(Your objective)
The reply should return the data in full, exactly as written.

── Data for the task ──

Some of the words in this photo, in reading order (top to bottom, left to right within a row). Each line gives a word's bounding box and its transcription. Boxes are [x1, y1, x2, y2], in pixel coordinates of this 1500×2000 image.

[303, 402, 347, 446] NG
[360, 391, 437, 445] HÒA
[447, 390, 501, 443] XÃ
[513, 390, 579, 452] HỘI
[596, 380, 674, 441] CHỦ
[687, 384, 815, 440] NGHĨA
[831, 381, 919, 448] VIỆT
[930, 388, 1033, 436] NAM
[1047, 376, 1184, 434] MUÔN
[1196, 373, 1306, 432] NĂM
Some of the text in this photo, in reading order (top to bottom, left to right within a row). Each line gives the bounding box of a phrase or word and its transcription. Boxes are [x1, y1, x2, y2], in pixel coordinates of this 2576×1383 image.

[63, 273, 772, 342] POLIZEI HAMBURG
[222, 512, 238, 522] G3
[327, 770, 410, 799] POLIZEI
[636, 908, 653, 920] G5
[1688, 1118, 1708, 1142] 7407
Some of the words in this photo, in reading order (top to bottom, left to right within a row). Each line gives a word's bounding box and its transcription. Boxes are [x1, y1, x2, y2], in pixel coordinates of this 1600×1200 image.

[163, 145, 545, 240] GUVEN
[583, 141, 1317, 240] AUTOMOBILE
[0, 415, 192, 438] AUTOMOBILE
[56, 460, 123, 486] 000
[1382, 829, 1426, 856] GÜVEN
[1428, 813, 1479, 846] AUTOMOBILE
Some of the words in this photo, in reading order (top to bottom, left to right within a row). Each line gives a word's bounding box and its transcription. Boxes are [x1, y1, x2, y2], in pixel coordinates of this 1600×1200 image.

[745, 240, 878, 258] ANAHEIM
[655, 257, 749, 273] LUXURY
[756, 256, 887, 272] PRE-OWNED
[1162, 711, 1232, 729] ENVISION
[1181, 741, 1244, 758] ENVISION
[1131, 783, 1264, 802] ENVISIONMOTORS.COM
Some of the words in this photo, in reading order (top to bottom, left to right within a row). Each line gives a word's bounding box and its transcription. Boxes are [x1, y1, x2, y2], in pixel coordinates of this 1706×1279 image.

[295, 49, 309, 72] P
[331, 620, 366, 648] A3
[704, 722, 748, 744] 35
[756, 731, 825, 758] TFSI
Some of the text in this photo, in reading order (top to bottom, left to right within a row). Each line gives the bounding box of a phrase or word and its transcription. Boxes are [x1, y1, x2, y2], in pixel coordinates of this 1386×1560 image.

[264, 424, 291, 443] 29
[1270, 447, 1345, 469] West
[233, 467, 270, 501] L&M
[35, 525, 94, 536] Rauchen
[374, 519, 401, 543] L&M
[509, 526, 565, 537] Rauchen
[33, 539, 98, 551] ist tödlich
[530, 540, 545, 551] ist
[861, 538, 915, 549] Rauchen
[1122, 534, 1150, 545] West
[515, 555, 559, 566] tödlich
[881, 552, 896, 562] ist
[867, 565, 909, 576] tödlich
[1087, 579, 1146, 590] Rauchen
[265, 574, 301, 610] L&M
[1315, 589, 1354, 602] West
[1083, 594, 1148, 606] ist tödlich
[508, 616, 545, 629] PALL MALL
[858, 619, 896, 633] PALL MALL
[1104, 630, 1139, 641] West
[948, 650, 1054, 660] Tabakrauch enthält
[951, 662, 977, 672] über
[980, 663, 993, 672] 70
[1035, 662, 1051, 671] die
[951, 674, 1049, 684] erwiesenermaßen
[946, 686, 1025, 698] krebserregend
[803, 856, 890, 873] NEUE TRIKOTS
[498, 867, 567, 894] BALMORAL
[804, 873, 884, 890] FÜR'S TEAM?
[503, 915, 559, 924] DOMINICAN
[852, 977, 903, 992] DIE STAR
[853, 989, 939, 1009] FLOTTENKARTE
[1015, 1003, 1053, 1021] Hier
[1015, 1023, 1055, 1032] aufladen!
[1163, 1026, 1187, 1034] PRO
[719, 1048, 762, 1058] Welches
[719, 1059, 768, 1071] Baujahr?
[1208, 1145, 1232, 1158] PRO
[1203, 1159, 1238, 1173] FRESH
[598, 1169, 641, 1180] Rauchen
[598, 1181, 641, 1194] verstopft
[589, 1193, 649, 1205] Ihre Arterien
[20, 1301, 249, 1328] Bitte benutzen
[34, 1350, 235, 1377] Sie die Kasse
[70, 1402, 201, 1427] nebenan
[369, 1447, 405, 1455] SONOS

───

(Expected output)
Some of the words in this photo, in reading order (top to bottom, left to right within a row). Each line gives a word's bounding box and its transcription. Boxes are [x1, y1, x2, y2], in pixel coordinates of this 1500×2000 image.

[303, 402, 347, 446] NG
[360, 391, 437, 445] HÒA
[447, 390, 501, 443] XÃ
[513, 390, 579, 452] HỘI
[596, 380, 674, 441] CHỦ
[687, 384, 815, 440] NGHĨA
[831, 381, 919, 448] VIỆT
[930, 388, 1033, 436] NAM
[1047, 376, 1184, 434] MUÔN
[1196, 373, 1306, 432] NĂM
Some of the text in this photo, in reading order (top to bottom, left to right within a row). Each line gives the bounding box of a phrase or word and its transcription. Boxes are [x1, y1, x2, y2], in pixel coordinates of this 2576×1383 image.

[63, 273, 772, 342] POLIZEI HAMBURG
[222, 512, 238, 522] G3
[327, 770, 410, 799] POLIZEI
[636, 908, 653, 920] G5
[1688, 1118, 1708, 1142] 7407
Some of the words in this photo, in reading order (top to bottom, left to right within a row). Each line gives a word's bounding box and its transcription. Boxes are [x1, y1, x2, y2], in pixel coordinates of this 1600×1200 image.

[163, 145, 545, 240] GUVEN
[583, 141, 1317, 240] AUTOMOBILE
[0, 415, 192, 438] AUTOMOBILE
[56, 460, 123, 486] 000
[1382, 829, 1426, 856] GÜVEN
[1428, 813, 1479, 846] AUTOMOBILE
Some of the words in this photo, in reading order (top to bottom, left to right within a row). Each line gives a word's bounding box and its transcription. Boxes are [x1, y1, x2, y2], in pixel coordinates of this 1600×1200 image.

[745, 240, 878, 258] ANAHEIM
[655, 257, 749, 273] LUXURY
[756, 256, 887, 272] PRE-OWNED
[1162, 711, 1232, 729] ENVISION
[1181, 741, 1244, 758] ENVISION
[1131, 783, 1264, 802] ENVISIONMOTORS.COM
Some of the words in this photo, in reading order (top to bottom, left to right within a row). Each line gives a word's bounding box and its transcription. Boxes are [x1, y1, x2, y2], in pixel coordinates of this 1706×1279 image.

[295, 49, 309, 72] P
[331, 620, 366, 648] A3
[704, 722, 748, 744] 35
[756, 731, 825, 758] TFSI
Some of the text in this photo, in reading order (top to bottom, left to right within a row). Each line gives the bounding box of a phrase or word and its transcription. Boxes are [x1, y1, x2, y2], in pixel coordinates of this 1386×1560 image.

[264, 424, 291, 443] 29
[1270, 447, 1345, 469] West
[233, 467, 270, 501] L&M
[35, 525, 94, 536] Rauchen
[374, 519, 401, 543] L&M
[509, 526, 565, 537] Rauchen
[33, 539, 98, 551] ist tödlich
[530, 540, 545, 551] ist
[861, 538, 915, 549] Rauchen
[1122, 534, 1150, 545] West
[515, 555, 559, 566] tödlich
[881, 552, 896, 562] ist
[867, 565, 909, 576] tödlich
[1087, 579, 1146, 590] Rauchen
[265, 574, 301, 610] L&M
[1315, 589, 1354, 602] West
[1083, 594, 1148, 606] ist tödlich
[508, 616, 545, 629] PALL MALL
[858, 619, 896, 633] PALL MALL
[1104, 630, 1139, 641] West
[948, 650, 1054, 660] Tabakrauch enthält
[951, 662, 977, 672] über
[980, 663, 993, 672] 70
[1035, 662, 1051, 671] die
[951, 674, 1049, 684] erwiesenermaßen
[946, 686, 1025, 698] krebserregend
[803, 856, 890, 873] NEUE TRIKOTS
[498, 867, 567, 894] BALMORAL
[804, 873, 884, 890] FÜR'S TEAM?
[503, 915, 559, 924] DOMINICAN
[852, 977, 903, 992] DIE STAR
[853, 989, 939, 1009] FLOTTENKARTE
[1015, 1003, 1053, 1021] Hier
[1015, 1023, 1055, 1032] aufladen!
[1163, 1026, 1187, 1034] PRO
[719, 1048, 762, 1058] Welches
[719, 1059, 768, 1071] Baujahr?
[1208, 1145, 1232, 1158] PRO
[1203, 1159, 1238, 1173] FRESH
[598, 1169, 641, 1180] Rauchen
[598, 1181, 641, 1194] verstopft
[589, 1193, 649, 1205] Ihre Arterien
[20, 1301, 249, 1328] Bitte benutzen
[34, 1350, 235, 1377] Sie die Kasse
[70, 1402, 201, 1427] nebenan
[369, 1447, 405, 1455] SONOS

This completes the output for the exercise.